In this project, FCCS will be employed to characterize interactions of membrane proteins to their natural ligands and potential inhibitors in living cells, cellular lysates and purified protein fractions. Our approach is focused on membrane proteins having high potential for future pharmaceutical development such as receptor tyrosin kinases (RTKs), SMS-related proteins (SMSr), G-protein coupled receptors (GPCRs) some of which are involved in sphingolipid homeostasis. FCCS measurements require monodisperse solubilised and fluorescently labelled molecules. One of the main challenges is to solubilise membrane proteins and preserve functionality. For this we would like to establish model membrane systems enabling FCCS (Fluorescence Cross Correlation Spectroscopy) measurements without affecting the functionality of embedded membrane proteins. The nanodisc technology is an emerging artificial membrane system for the study of membrane proteins.
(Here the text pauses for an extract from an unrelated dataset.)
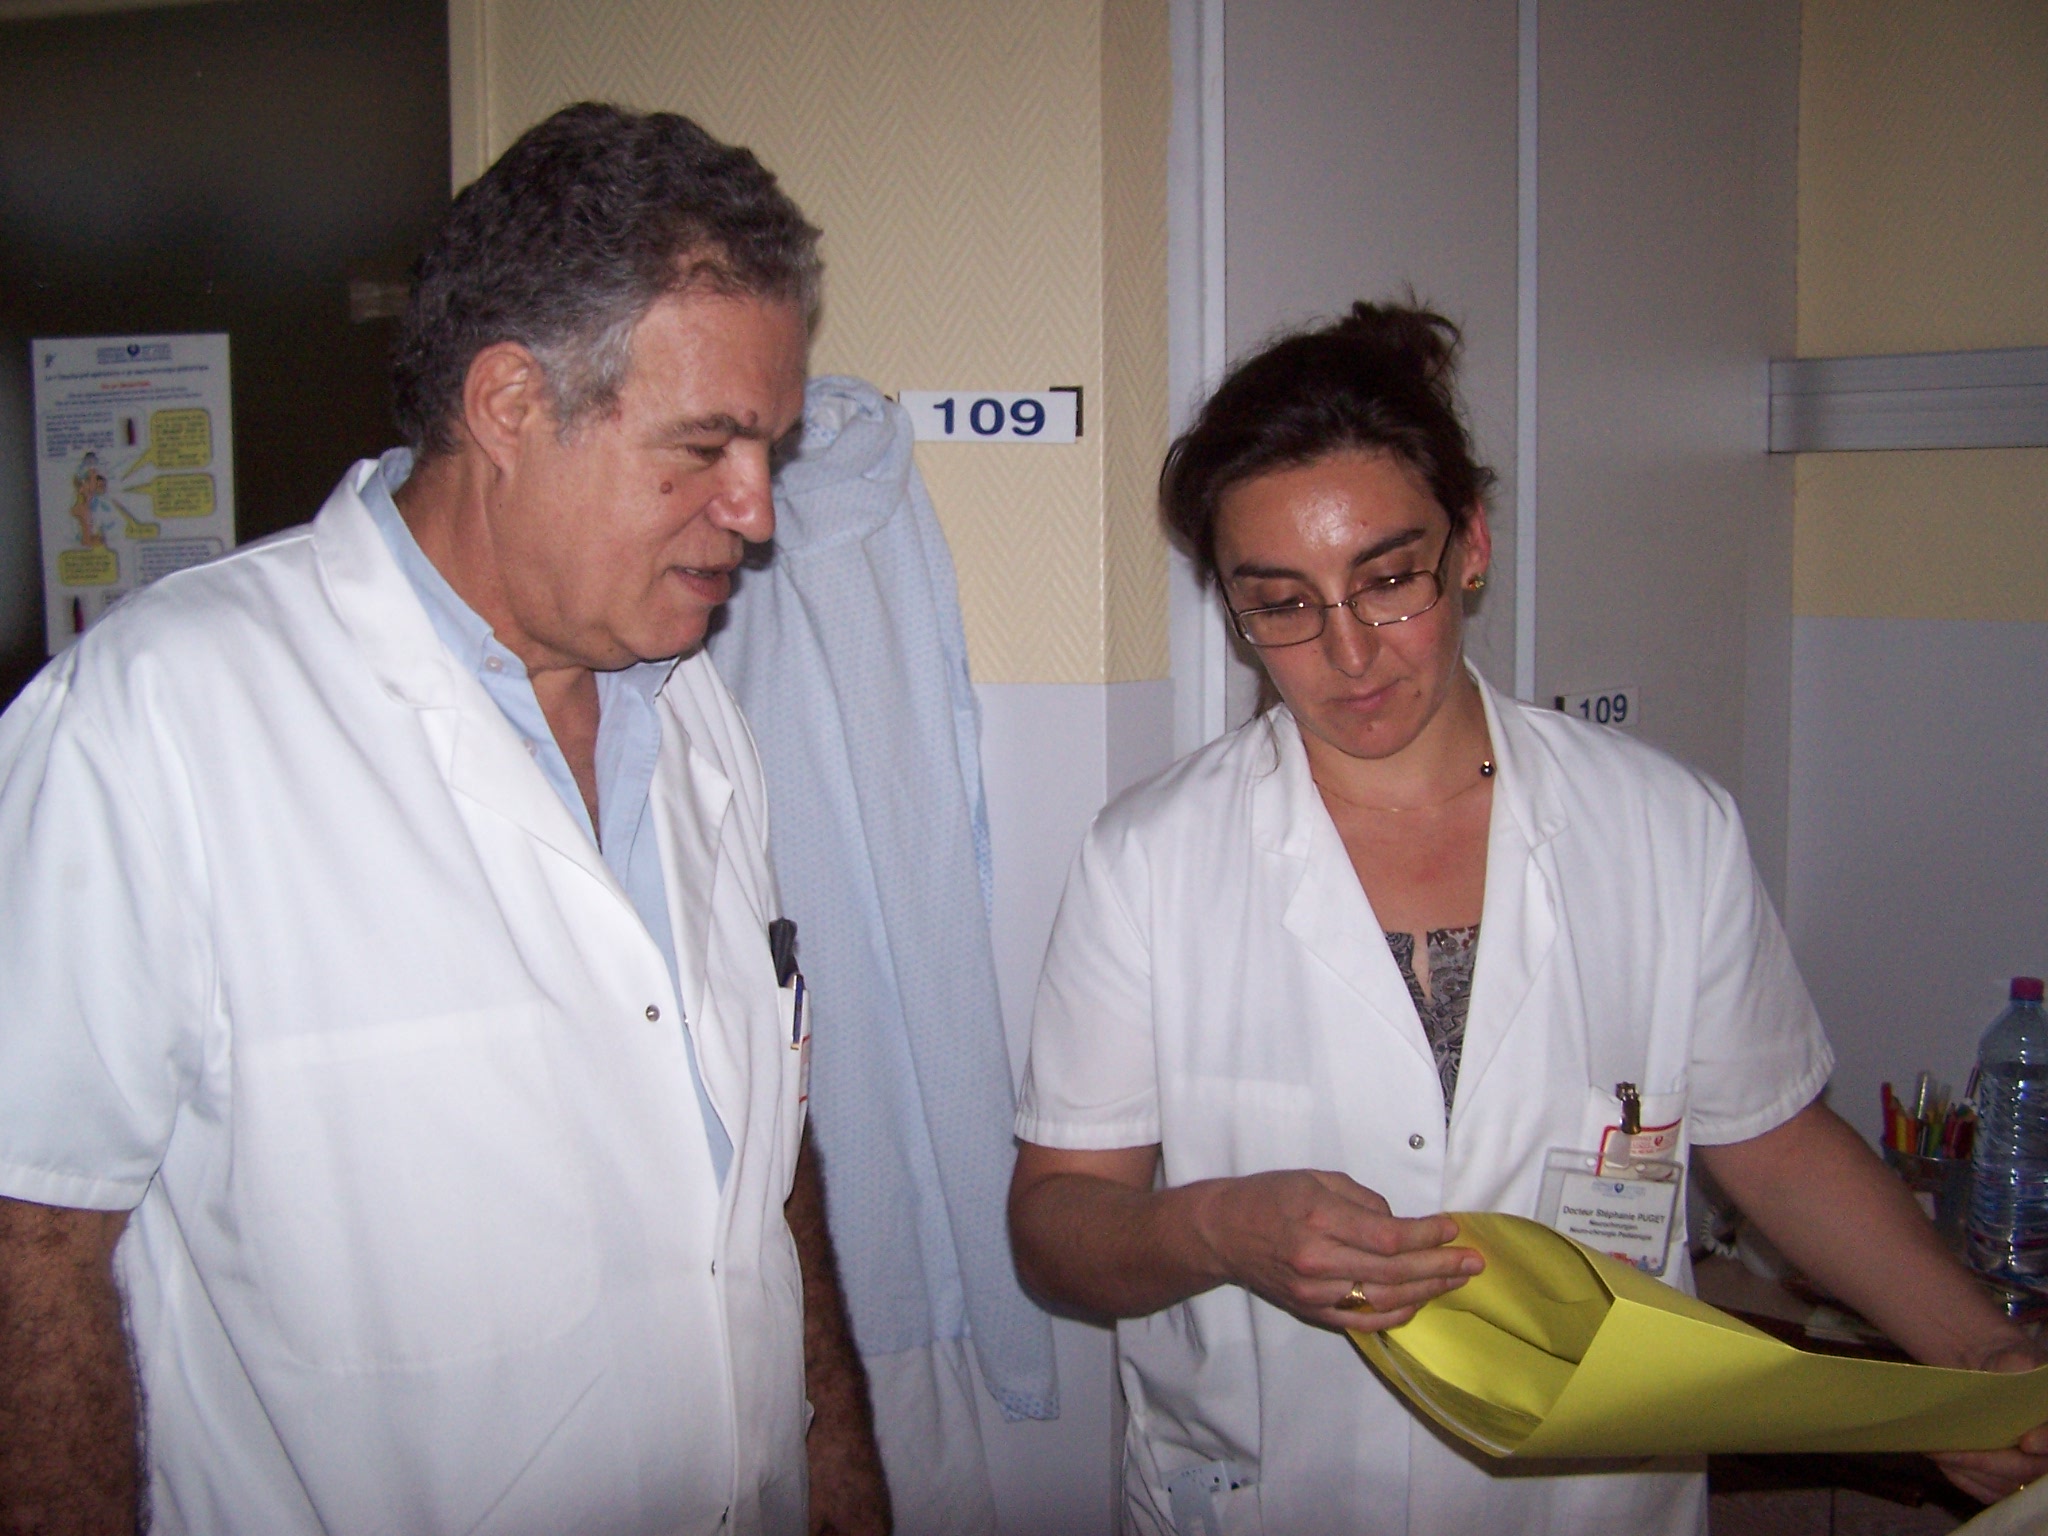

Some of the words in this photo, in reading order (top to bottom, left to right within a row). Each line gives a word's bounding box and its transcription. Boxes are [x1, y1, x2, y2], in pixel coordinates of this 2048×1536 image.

Being more stable and monodisperse than conventional model membranes such as liposomes, bicelles or micelles, the nanodisc is an excellent alternative for single-molecule fluorescence applications.

Supervisors

Stefan Hannus (Intana Bioscience GmbH, Munich, Germany)
Christian Heinis (EPFL, Lausanne, Switzerland)

Biosketch 1st scientific supervisor:

Dr. Stefan Hannus studied Biology at the University Regensburg with focus on molecular biology and biochemistry. Before starting his PhD thesis, he joined the Lab of Prof. Dr. E. Hurt in Heidelberg investigating ribosomal transport across the nuclear pore complex. He received his predoctoral education at the EMBL in Heidelberg and the Max-Planck-Institute for Biochemistry in Martinsried conducting research on the biogenesis of ribonuclear protein complexes. In 2001 Stefan Hannus started as scientist at GPC Biotech AG where he developed and established FCCS as tool to study compound target interactions. In 2008 he founded jointly with Dr. Frank Becker Intana Bioscience GmbH.